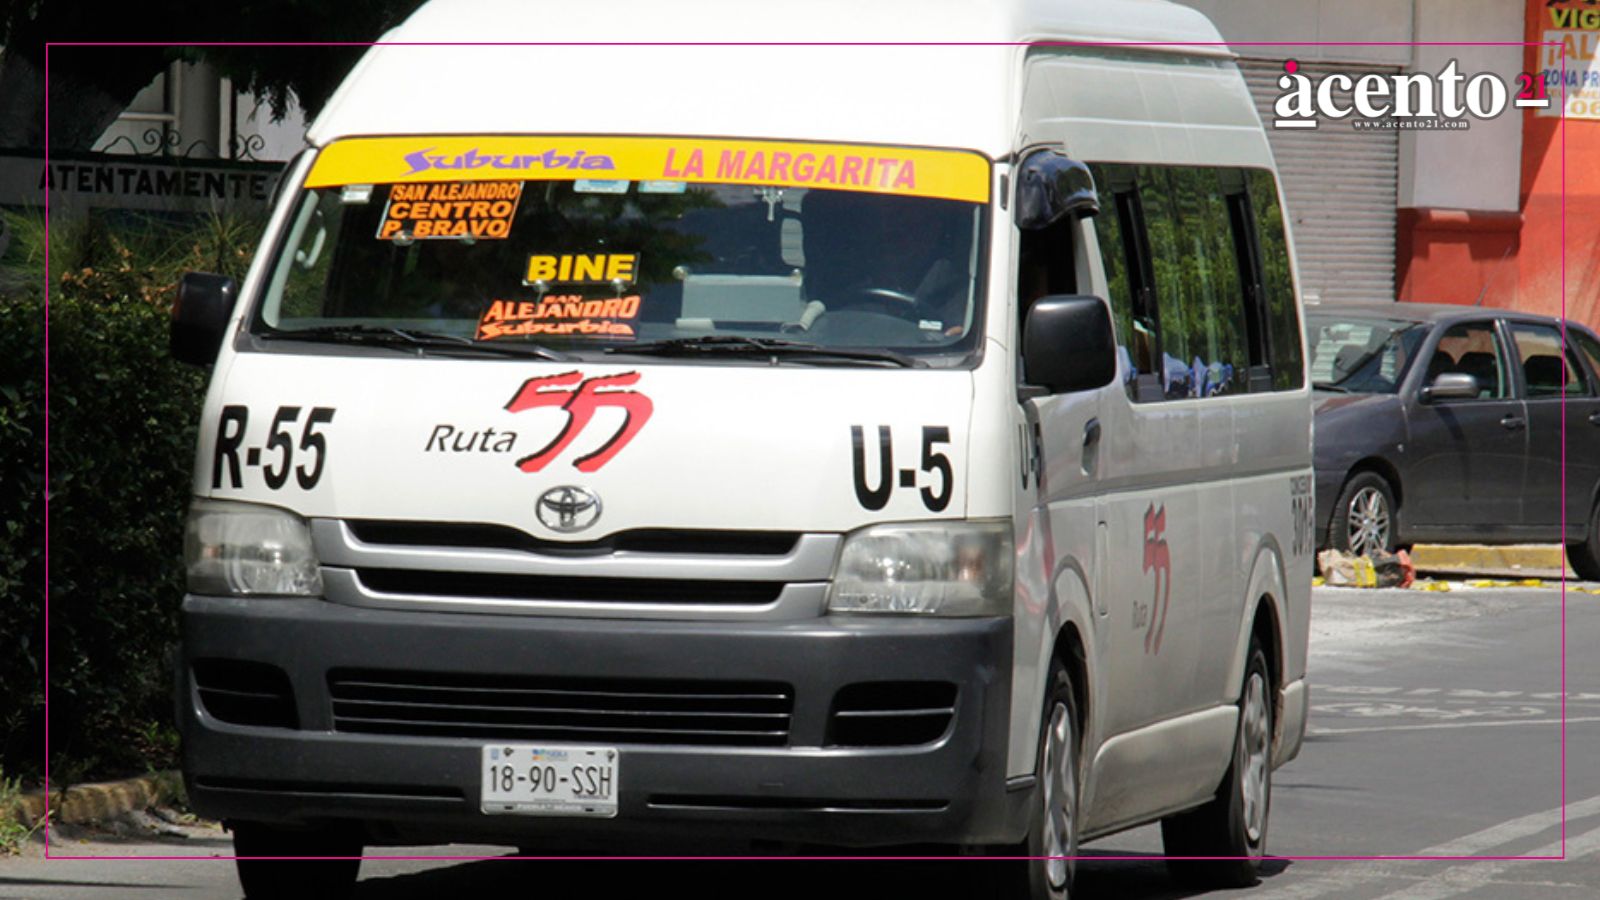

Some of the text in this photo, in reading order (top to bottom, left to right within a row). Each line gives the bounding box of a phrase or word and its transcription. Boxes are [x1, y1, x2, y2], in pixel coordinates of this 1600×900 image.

[405, 148, 615, 176] Suburbia
[663, 148, 916, 189] LA MARGARITA
[39, 165, 266, 197] ATENTAMENTE
[393, 182, 519, 200] SAN ALEJANDRO
[389, 201, 512, 219] CENTRO
[413, 219, 508, 238] BRAVO
[526, 254, 635, 282] BINE
[483, 296, 641, 321] ALEJANDRO
[479, 320, 634, 341] Suburbia
[425, 370, 653, 472] Ruta 55
[212, 405, 336, 491] R-55
[851, 425, 953, 512] U-5
[490, 765, 612, 796] 18-90-SSH
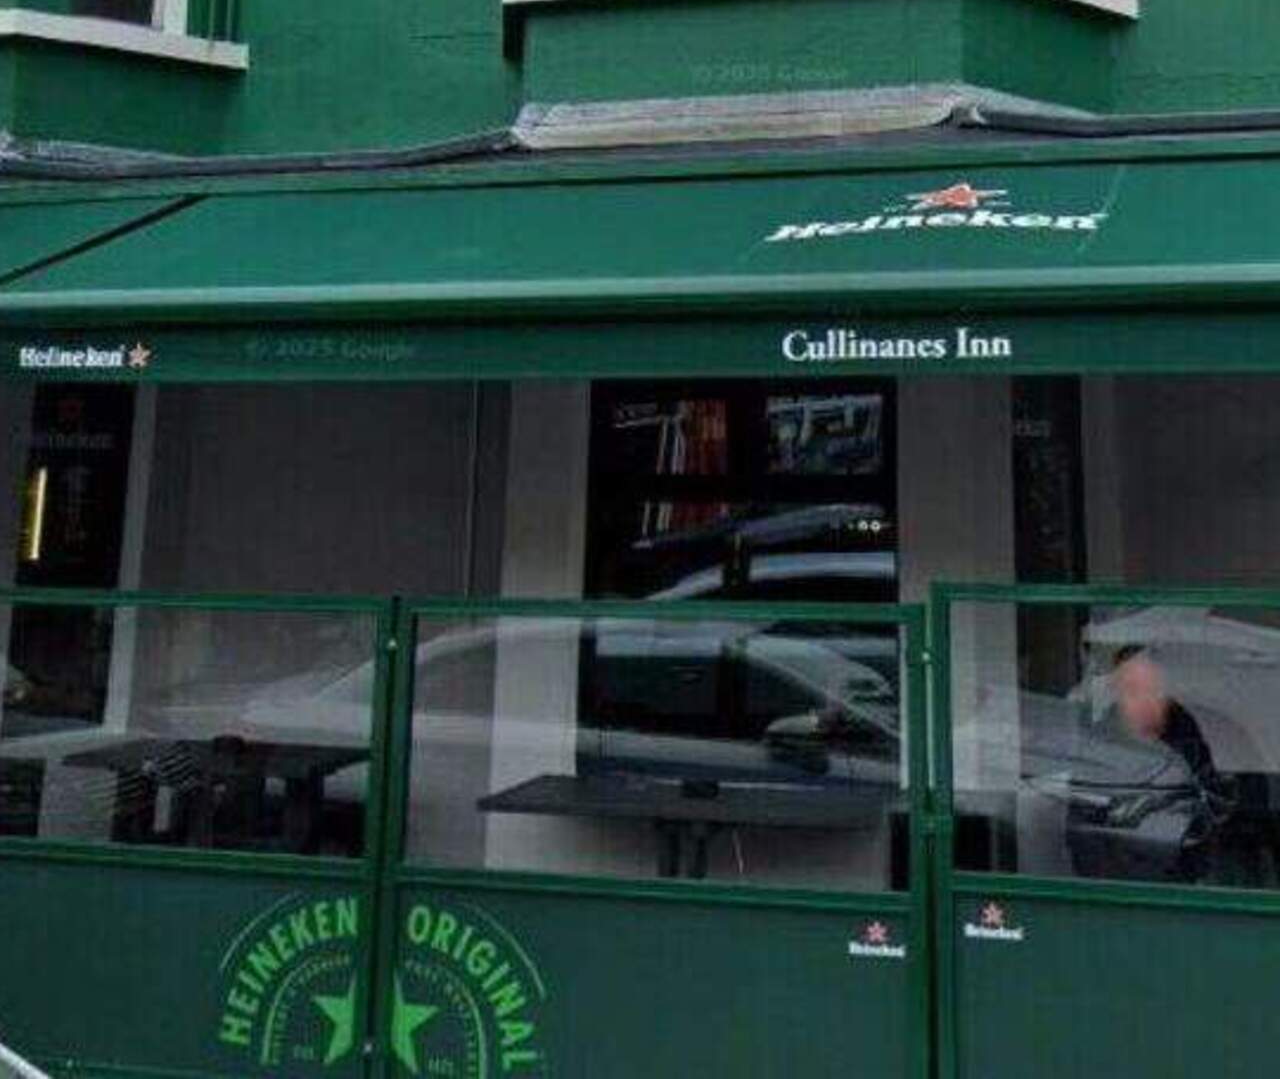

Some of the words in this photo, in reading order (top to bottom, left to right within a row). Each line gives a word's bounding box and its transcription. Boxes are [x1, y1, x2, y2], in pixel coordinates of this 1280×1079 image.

[765, 210, 1108, 242] Heineken
[782, 328, 946, 361] Cullinanes
[956, 326, 1012, 358] Inn
[220, 897, 360, 1046] HEINEKEN
[407, 905, 540, 1072] ORIGINAL

§ Description of the task: Your copy should hold all the data word for word. It should hold no pictures.

§ Answer section:
Some of the text in this photo, in reading order (top to bottom, left to right within a row). Each line gives the bounding box of a phrase or word and its transcription. Boxes are [x1, y1, x2, y2], in pixel coordinates of this 1600×900 image.

[405, 148, 615, 176] Suburbia
[663, 148, 916, 189] LA MARGARITA
[39, 165, 266, 197] ATENTAMENTE
[393, 182, 519, 200] SAN ALEJANDRO
[389, 201, 512, 219] CENTRO
[413, 219, 508, 238] BRAVO
[526, 254, 635, 282] BINE
[483, 296, 641, 321] ALEJANDRO
[479, 320, 634, 341] Suburbia
[425, 370, 653, 472] Ruta 55
[212, 405, 336, 491] R-55
[851, 425, 953, 512] U-5
[490, 765, 612, 796] 18-90-SSH

Some of the words in this photo, in reading order (top to bottom, left to right within a row). Each line gives a word's bounding box and its transcription. Boxes are [x1, y1, x2, y2], in pixel coordinates of this 1280×1079 image.

[765, 210, 1108, 242] Heineken
[782, 328, 946, 361] Cullinanes
[956, 326, 1012, 358] Inn
[220, 897, 360, 1046] HEINEKEN
[407, 905, 540, 1072] ORIGINAL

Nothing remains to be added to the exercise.